======== Data for this task
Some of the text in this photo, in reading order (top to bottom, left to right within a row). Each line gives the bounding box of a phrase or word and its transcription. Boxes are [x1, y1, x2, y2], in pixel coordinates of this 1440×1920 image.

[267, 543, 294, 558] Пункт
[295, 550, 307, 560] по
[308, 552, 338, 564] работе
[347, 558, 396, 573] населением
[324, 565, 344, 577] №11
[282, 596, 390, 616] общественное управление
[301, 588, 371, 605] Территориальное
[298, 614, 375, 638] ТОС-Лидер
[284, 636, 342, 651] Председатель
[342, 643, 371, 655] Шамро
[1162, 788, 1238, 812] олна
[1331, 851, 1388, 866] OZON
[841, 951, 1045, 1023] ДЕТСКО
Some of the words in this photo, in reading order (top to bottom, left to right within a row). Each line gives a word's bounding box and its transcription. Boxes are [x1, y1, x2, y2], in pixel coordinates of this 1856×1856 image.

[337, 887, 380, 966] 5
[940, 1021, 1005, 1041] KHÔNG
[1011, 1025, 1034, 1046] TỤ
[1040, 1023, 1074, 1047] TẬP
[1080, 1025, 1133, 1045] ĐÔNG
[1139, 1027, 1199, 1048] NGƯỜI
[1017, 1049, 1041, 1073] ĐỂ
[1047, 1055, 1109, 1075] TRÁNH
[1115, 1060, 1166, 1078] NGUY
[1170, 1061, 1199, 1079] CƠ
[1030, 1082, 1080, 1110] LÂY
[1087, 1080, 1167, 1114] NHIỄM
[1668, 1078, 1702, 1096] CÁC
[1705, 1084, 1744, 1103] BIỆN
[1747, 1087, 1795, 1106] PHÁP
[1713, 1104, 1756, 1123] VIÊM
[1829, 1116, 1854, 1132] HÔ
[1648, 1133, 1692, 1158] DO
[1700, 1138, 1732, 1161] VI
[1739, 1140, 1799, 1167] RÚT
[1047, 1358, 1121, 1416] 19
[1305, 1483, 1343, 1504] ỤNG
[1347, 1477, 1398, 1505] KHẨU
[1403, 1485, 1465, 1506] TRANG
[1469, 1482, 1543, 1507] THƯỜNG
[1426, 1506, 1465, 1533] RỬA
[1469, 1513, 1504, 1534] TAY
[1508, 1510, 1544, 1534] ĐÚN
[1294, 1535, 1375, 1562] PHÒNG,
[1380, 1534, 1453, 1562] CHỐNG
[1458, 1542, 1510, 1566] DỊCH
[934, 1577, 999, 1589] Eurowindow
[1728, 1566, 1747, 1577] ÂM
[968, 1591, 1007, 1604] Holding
================
- Task to carry out -
Your reply should consist of the records, copied exactly.

- Output -
Some of the text in this photo, in reading order (top to bottom, left to right within a row). Each line gives the bounding box of a phrase or word and its transcription. Boxes are [x1, y1, x2, y2], in pixel coordinates of this 1440×1920 image.

[267, 543, 294, 558] Пункт
[295, 550, 307, 560] по
[308, 552, 338, 564] работе
[347, 558, 396, 573] населением
[324, 565, 344, 577] №11
[282, 596, 390, 616] общественное управление
[301, 588, 371, 605] Территориальное
[298, 614, 375, 638] ТОС-Лидер
[284, 636, 342, 651] Председатель
[342, 643, 371, 655] Шамро
[1162, 788, 1238, 812] олна
[1331, 851, 1388, 866] OZON
[841, 951, 1045, 1023] ДЕТСКО
Some of the words in this photo, in reading order (top to bottom, left to right within a row). Each line gives a word's bounding box and its transcription. Boxes are [x1, y1, x2, y2], in pixel coordinates of this 1856×1856 image.

[337, 887, 380, 966] 5
[940, 1021, 1005, 1041] KHÔNG
[1011, 1025, 1034, 1046] TỤ
[1040, 1023, 1074, 1047] TẬP
[1080, 1025, 1133, 1045] ĐÔNG
[1139, 1027, 1199, 1048] NGƯỜI
[1017, 1049, 1041, 1073] ĐỂ
[1047, 1055, 1109, 1075] TRÁNH
[1115, 1060, 1166, 1078] NGUY
[1170, 1061, 1199, 1079] CƠ
[1030, 1082, 1080, 1110] LÂY
[1087, 1080, 1167, 1114] NHIỄM
[1668, 1078, 1702, 1096] CÁC
[1705, 1084, 1744, 1103] BIỆN
[1747, 1087, 1795, 1106] PHÁP
[1713, 1104, 1756, 1123] VIÊM
[1829, 1116, 1854, 1132] HÔ
[1648, 1133, 1692, 1158] DO
[1700, 1138, 1732, 1161] VI
[1739, 1140, 1799, 1167] RÚT
[1047, 1358, 1121, 1416] 19
[1305, 1483, 1343, 1504] ỤNG
[1347, 1477, 1398, 1505] KHẨU
[1403, 1485, 1465, 1506] TRANG
[1469, 1482, 1543, 1507] THƯỜNG
[1426, 1506, 1465, 1533] RỬA
[1469, 1513, 1504, 1534] TAY
[1508, 1510, 1544, 1534] ĐÚN
[1294, 1535, 1375, 1562] PHÒNG,
[1380, 1534, 1453, 1562] CHỐNG
[1458, 1542, 1510, 1566] DỊCH
[934, 1577, 999, 1589] Eurowindow
[1728, 1566, 1747, 1577] ÂM
[968, 1591, 1007, 1604] Holding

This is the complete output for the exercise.